Finance minister says tax cuts not a viable solution to rising inflation

Finance Minister Clyde Caruana rules out tax cuts proposed by SME Chamber

Finance Minister Clyde Caruana (Photo: James Bianchi/MaltaToday)
Finance Minister Clyde Caruana (Photo: James Bianchi/MaltaToday)

The finance minister has ruled out tax cuts sought by businesses to cushion the inflation blow.

Speaking in parliament during the opening of the debate on a bill to implement budget measures, Minister Clyde Caruana spoke about the Chamber of SMEs’ recent call to cut VAT to 15% and remove excise tax on personal care products.

He said government has been giving generous subsidies on power and fuel, also noting the EU budgetary rules requiring members states to reduce deficit to 1.5% of the GDP.

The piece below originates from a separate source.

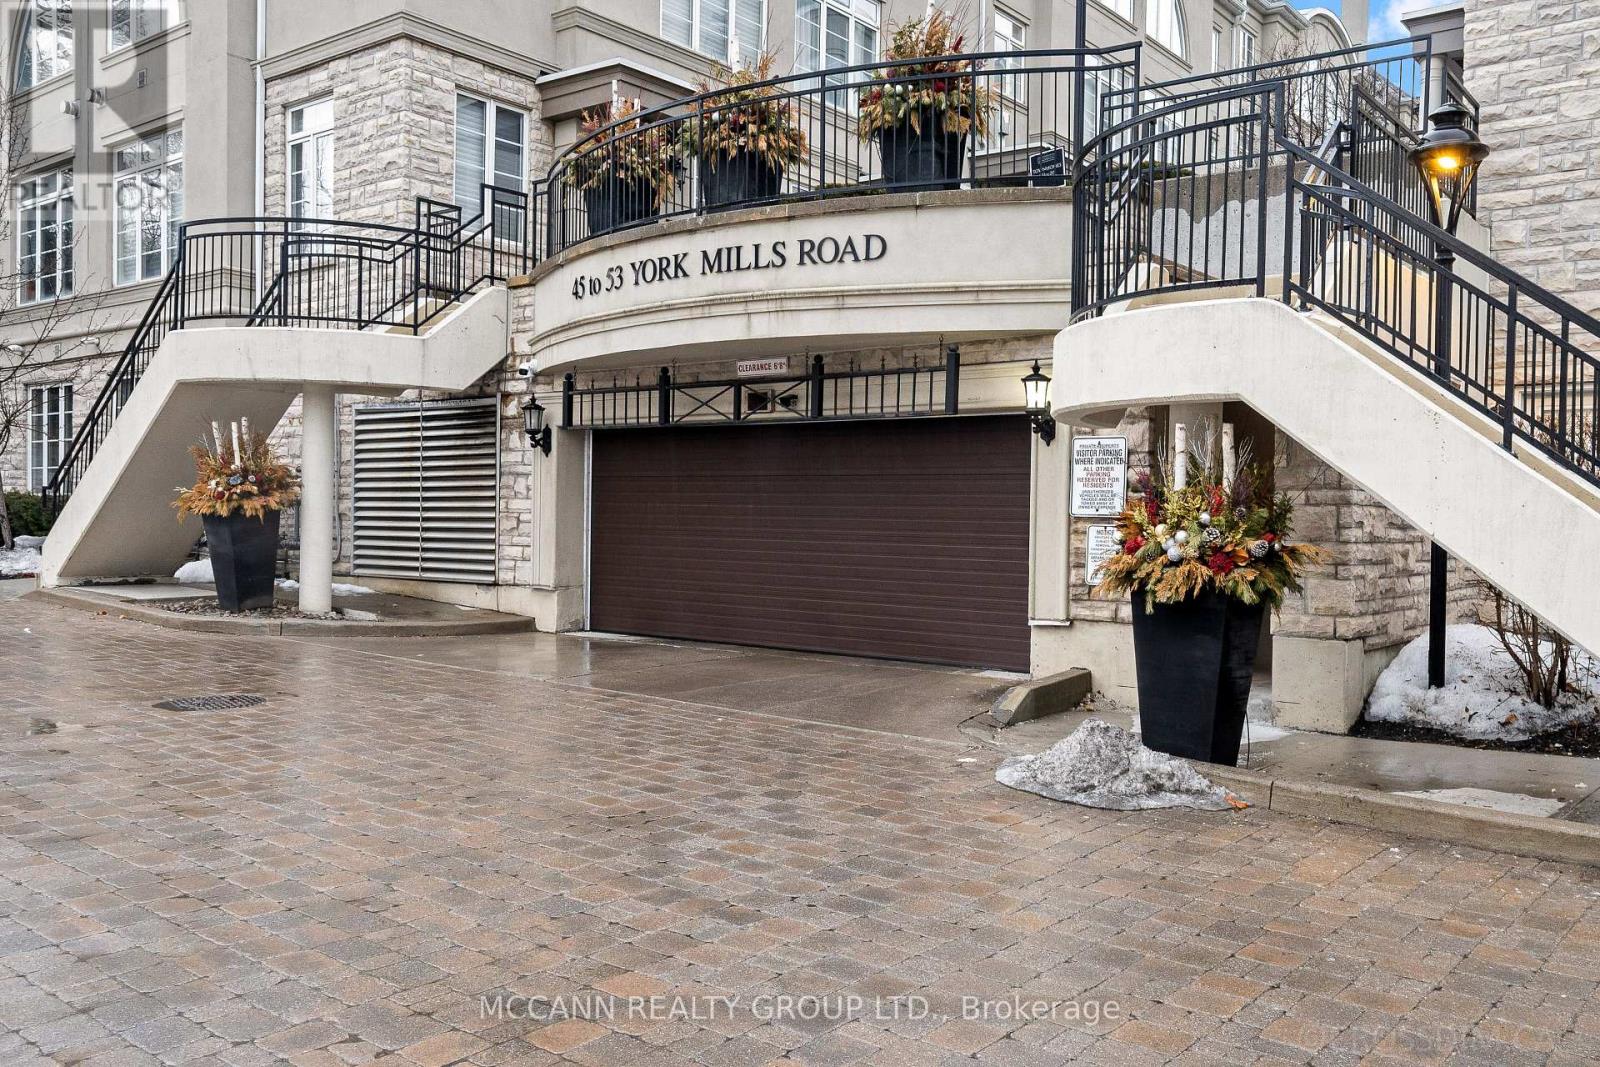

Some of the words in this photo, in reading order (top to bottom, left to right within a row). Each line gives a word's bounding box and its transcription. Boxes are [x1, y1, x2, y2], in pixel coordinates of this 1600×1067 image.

Caruana insisted he had nothing against businesses, saying that if that was the case, government would not be forking out millions in subsidies.

He said associations calling for a tax reduction need to think why profitability has dropped.

Acceding to the concessions sought by these associations would simply encourage additional operators to enter the market, inevitably leading to subsequent requests for further concessions.

The minister remarked that it had become a self-perpetuating cycle, as individuals were focusing internally rather than externally. He emphasized the need for Malta's prominent entrepreneurs to step up and guide the business community to adopt an outward perspective.

Highlighting the associations' concerns, he pointed out their challenges in recruiting and utilizing foreign labour. Stressing the significance of foreign workers to the economy, Caruana expressed that certain sectors would experience adverse effects in their absence.

He said continued expansion of businesses in labour-intensive activities, focused inward, would necessitate a growing workforce. Consequently, these workers would require accommodation and a well-established infrastructure, responsibilities falling on the government. With the escalating demand for such labour, costs would inevitably rise.

Thus, seeking concessions from the government, aimed at reducing its income, was not a viable solution. The government, in the midst of expanding infrastructure and related services, could ill-afford income reductions.

Caruana strongly encouraged businesses to explore opportunities beyond Malta's borders, emphasizing the need for growth with a reduced dependency on labor.

While acknowledging challenges faced by certain business sectors, the minister clarified that the solution did not lie in the government reducing VAT or import duties. He reiterated the government's commitment to avoiding tax increases, except for personal income tax, in line with electoral promises.